# TASK TO CARRY OUT
The required answer is an exact copy of the records below, without pictures.

Collected data:
┄┄┄┄┄┄┄┄┄┄
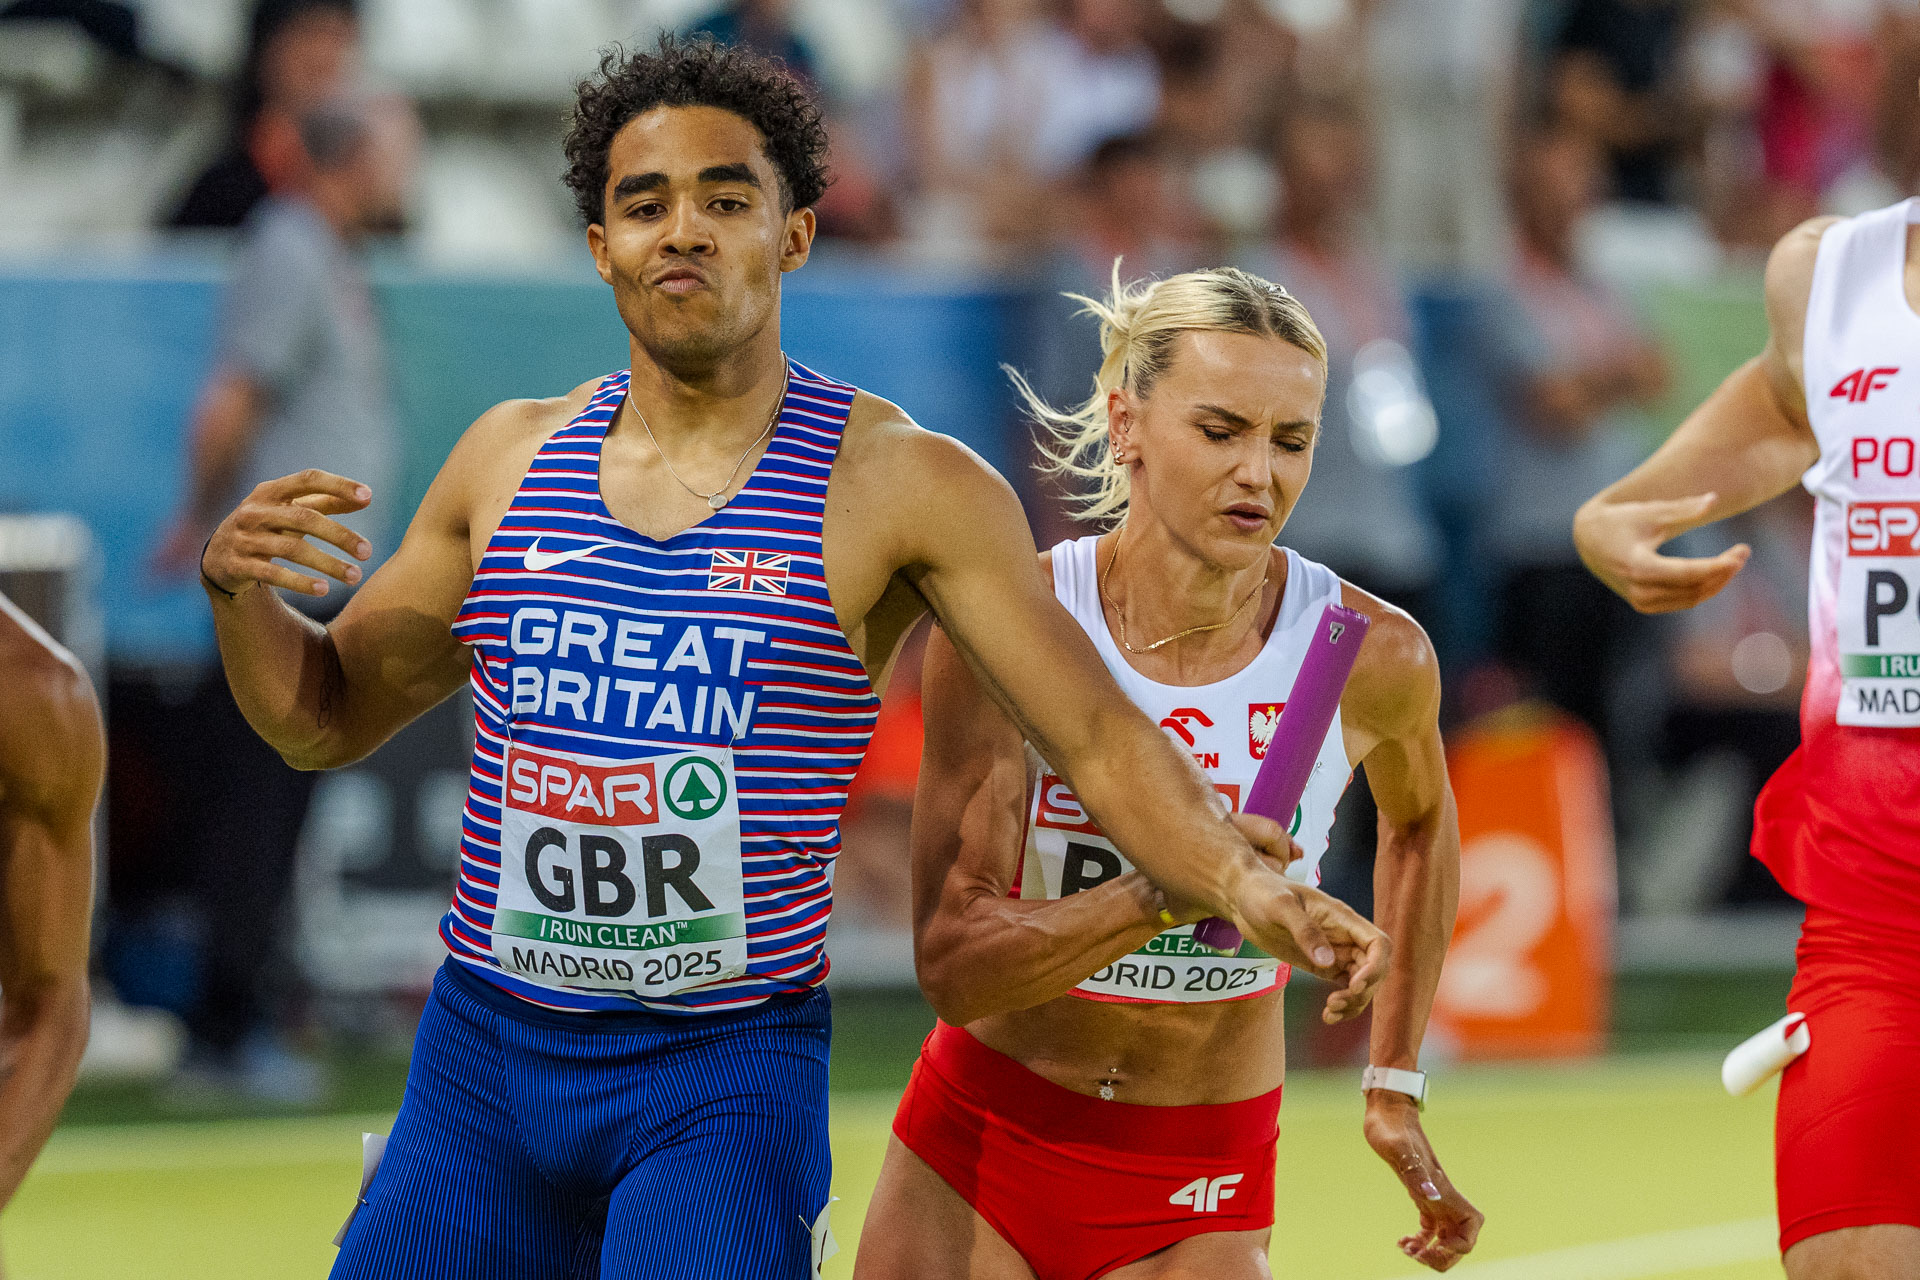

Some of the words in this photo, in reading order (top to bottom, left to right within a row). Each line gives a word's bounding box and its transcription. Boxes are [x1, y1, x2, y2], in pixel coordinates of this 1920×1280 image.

[1829, 368, 1899, 402] 4F
[1852, 437, 1920, 478] PO
[511, 607, 767, 677] GREAT
[1329, 621, 1345, 644] 7
[1891, 656, 1920, 676] RU
[512, 666, 756, 740] BRITAIN
[509, 759, 655, 819] SPAR
[524, 827, 716, 918] GBR
[539, 918, 547, 938] I
[550, 919, 592, 944] RUN
[1145, 936, 1212, 954] CLEA
[512, 946, 633, 983] MADRID
[643, 949, 723, 986] 2025
[1089, 962, 1176, 990] DRID
[1183, 965, 1258, 992] 2025
[1169, 1172, 1244, 1212] 4F
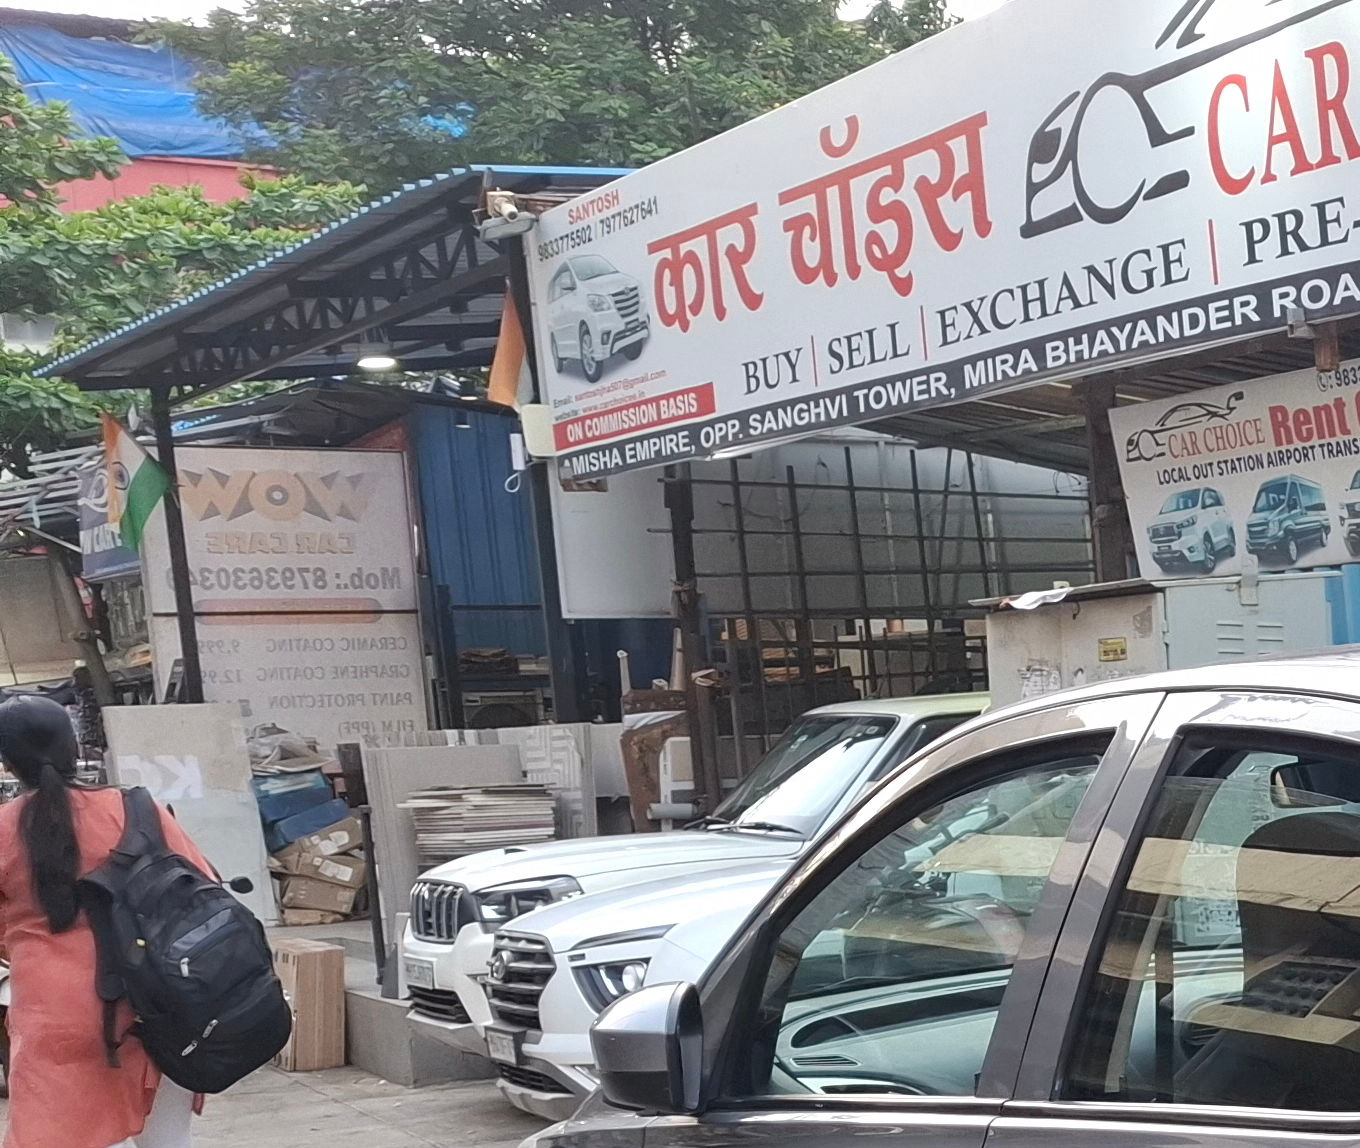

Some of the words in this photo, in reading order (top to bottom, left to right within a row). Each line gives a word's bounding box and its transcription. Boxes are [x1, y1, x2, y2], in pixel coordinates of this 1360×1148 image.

[538, 225, 593, 262] 9833775502
[600, 196, 659, 237] 7977627641
[568, 189, 619, 225] SANTOSH
[647, 202, 764, 333] कार
[778, 111, 993, 298] चॉइस
[743, 346, 804, 395] BUY
[827, 321, 911, 374] SELL
[936, 238, 1190, 347] EXCHANGE
[625, 431, 696, 463] EMPIRE,
[700, 419, 743, 448] OPP.
[749, 394, 848, 438] SANGHVI
[858, 371, 956, 413] TOWER,
[963, 349, 1037, 390] MIRA
[1045, 295, 1260, 369] BHAYANDER
[566, 419, 582, 443] ON
[584, 402, 658, 438] COMMISSION
[660, 392, 698, 423] BASIS
[1168, 432, 1201, 460] CAR
[1203, 418, 1266, 454] CHOICE
[1268, 397, 1351, 447] Rent
[1156, 464, 1191, 486] LOCAL
[1192, 461, 1215, 480] OUT
[1217, 455, 1265, 478] STATION
[1267, 444, 1317, 470] AIRPORT
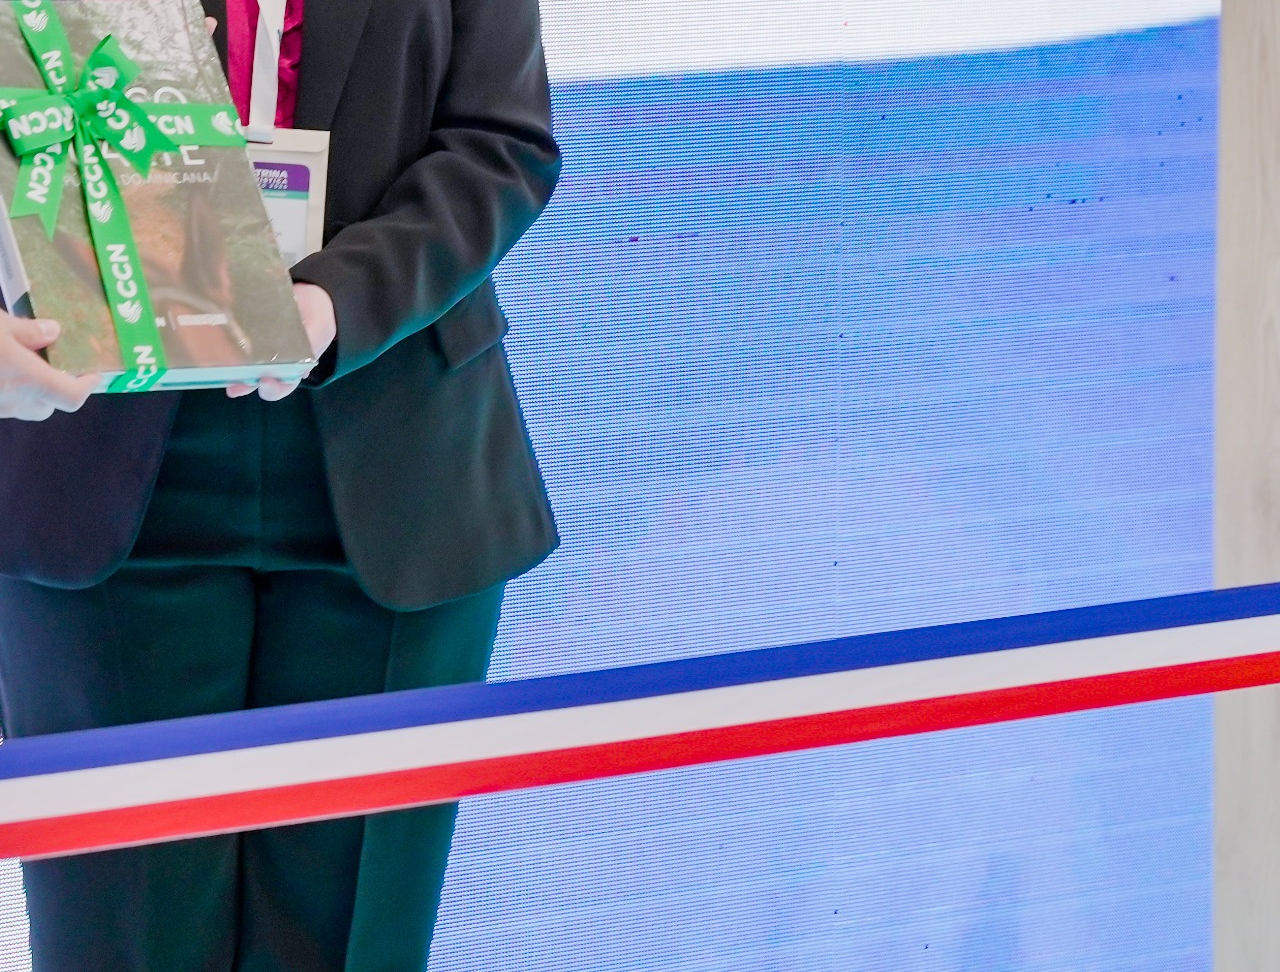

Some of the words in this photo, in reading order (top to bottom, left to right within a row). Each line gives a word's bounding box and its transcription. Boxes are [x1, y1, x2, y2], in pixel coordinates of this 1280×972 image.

[26, 153, 54, 204] CCN
[83, 144, 108, 199] CCN
[106, 243, 138, 299] CCN
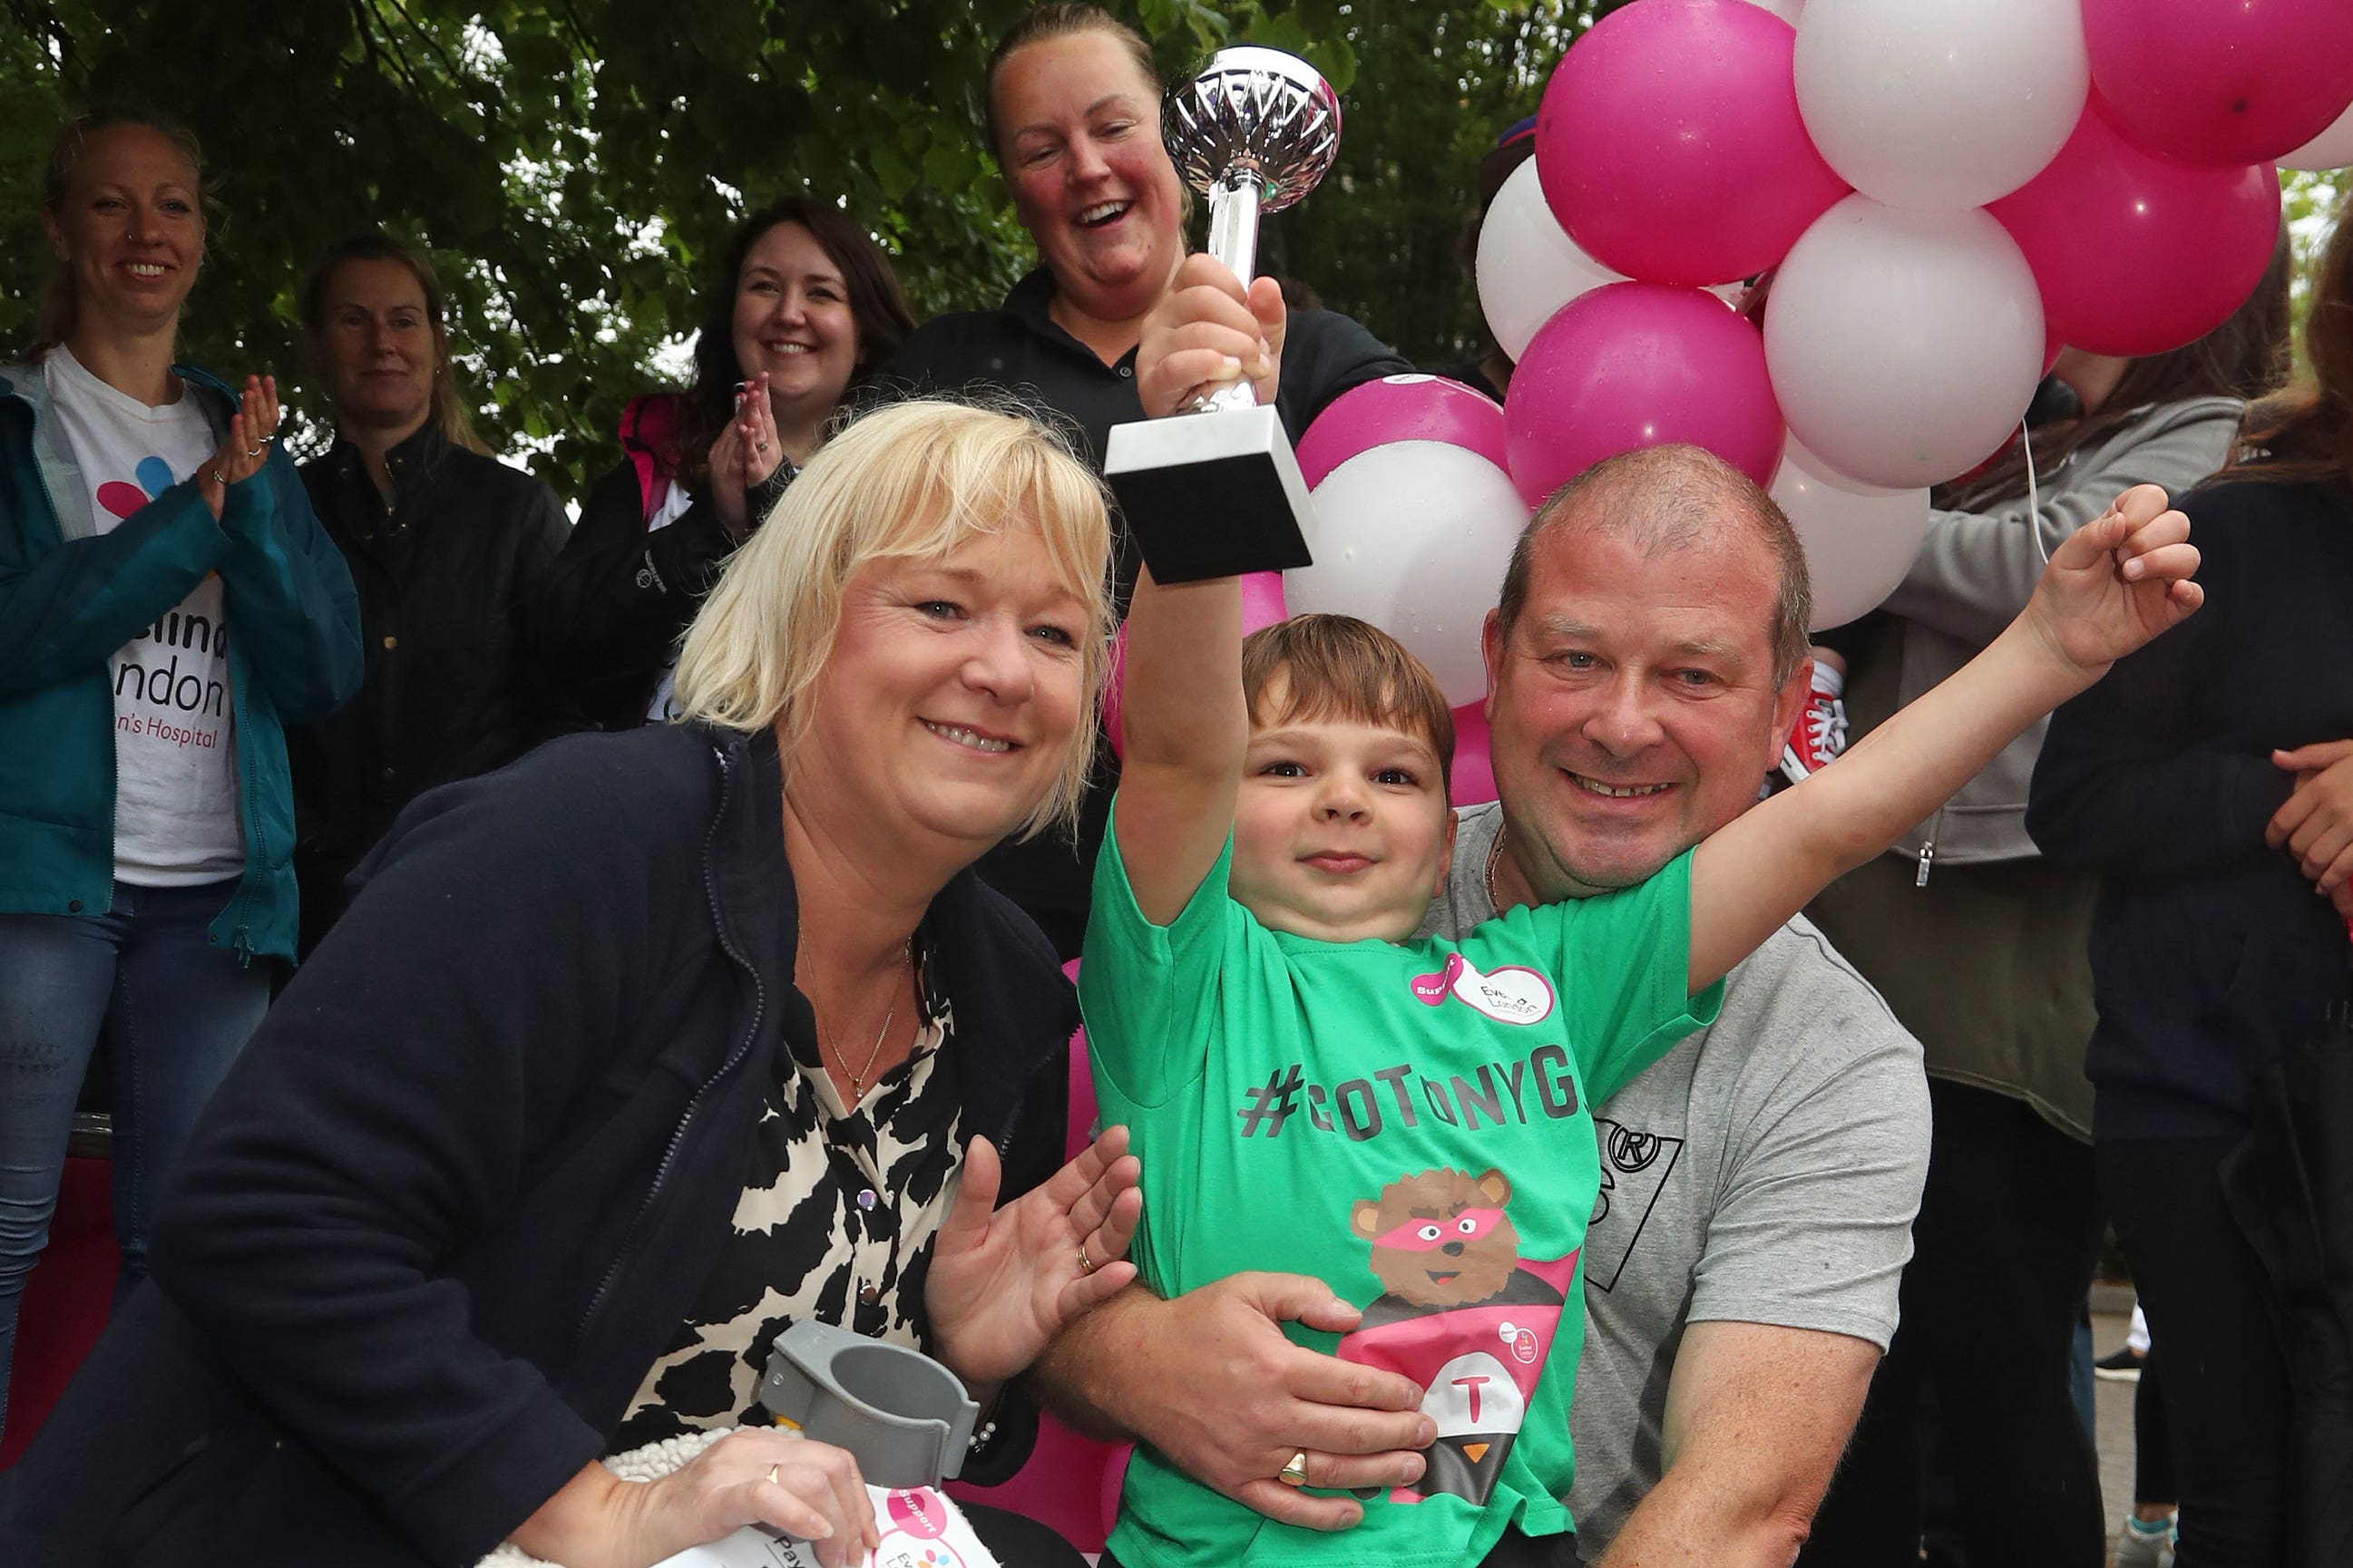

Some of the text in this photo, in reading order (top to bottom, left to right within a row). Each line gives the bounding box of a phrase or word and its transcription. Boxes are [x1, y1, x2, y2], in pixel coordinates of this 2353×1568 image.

[115, 655, 223, 716] ndon
[146, 716, 218, 748] Hospital
[1237, 1044, 1589, 1143] #GOTONYG
[1451, 1376, 1490, 1424] T
[898, 1488, 936, 1533] Support
┄┄┄┄┄┄┄┄┄┄
# EXERCISE RESPONSE
Some of the words in this photo, in reading order (top to bottom, left to right within a row). Each line gives a word's bounding box and its transcription. Boxes are [x1, y1, x2, y2], in pixel coordinates of this 1920×1280 image.

[1829, 368, 1899, 402] 4F
[1852, 437, 1920, 478] PO
[511, 607, 767, 677] GREAT
[1329, 621, 1345, 644] 7
[1891, 656, 1920, 676] RU
[512, 666, 756, 740] BRITAIN
[509, 759, 655, 819] SPAR
[524, 827, 716, 918] GBR
[539, 918, 547, 938] I
[550, 919, 592, 944] RUN
[1145, 936, 1212, 954] CLEA
[512, 946, 633, 983] MADRID
[643, 949, 723, 986] 2025
[1089, 962, 1176, 990] DRID
[1183, 965, 1258, 992] 2025
[1169, 1172, 1244, 1212] 4F

Some of the words in this photo, in reading order (top to bottom, left to right within a row). Each line gives a word's bounding box and its transcription. Boxes are [x1, y1, x2, y2], in pixel coordinates of this 1360×1148 image.

[538, 225, 593, 262] 9833775502
[600, 196, 659, 237] 7977627641
[568, 189, 619, 225] SANTOSH
[647, 202, 764, 333] कार
[778, 111, 993, 298] चॉइस
[743, 346, 804, 395] BUY
[827, 321, 911, 374] SELL
[936, 238, 1190, 347] EXCHANGE
[625, 431, 696, 463] EMPIRE,
[700, 419, 743, 448] OPP.
[749, 394, 848, 438] SANGHVI
[858, 371, 956, 413] TOWER,
[963, 349, 1037, 390] MIRA
[1045, 295, 1260, 369] BHAYANDER
[566, 419, 582, 443] ON
[584, 402, 658, 438] COMMISSION
[660, 392, 698, 423] BASIS
[1168, 432, 1201, 460] CAR
[1203, 418, 1266, 454] CHOICE
[1268, 397, 1351, 447] Rent
[1156, 464, 1191, 486] LOCAL
[1192, 461, 1215, 480] OUT
[1217, 455, 1265, 478] STATION
[1267, 444, 1317, 470] AIRPORT

Some of the words in this photo, in reading order (top to bottom, left to right within a row). Each line gives a word's bounding box and its transcription. Boxes are [x1, y1, x2, y2], in pixel coordinates of this 1280×972 image.

[26, 153, 54, 204] CCN
[83, 144, 108, 199] CCN
[106, 243, 138, 299] CCN

Some of the text in this photo, in reading order (top to bottom, left to right within a row). Each line gives the bounding box of a phrase or word and its transcription. Boxes are [x1, y1, x2, y2], in pixel coordinates of this 2353×1568 image.

[115, 655, 223, 716] ndon
[146, 716, 218, 748] Hospital
[1237, 1044, 1589, 1143] #GOTONYG
[1451, 1376, 1490, 1424] T
[898, 1488, 936, 1533] Support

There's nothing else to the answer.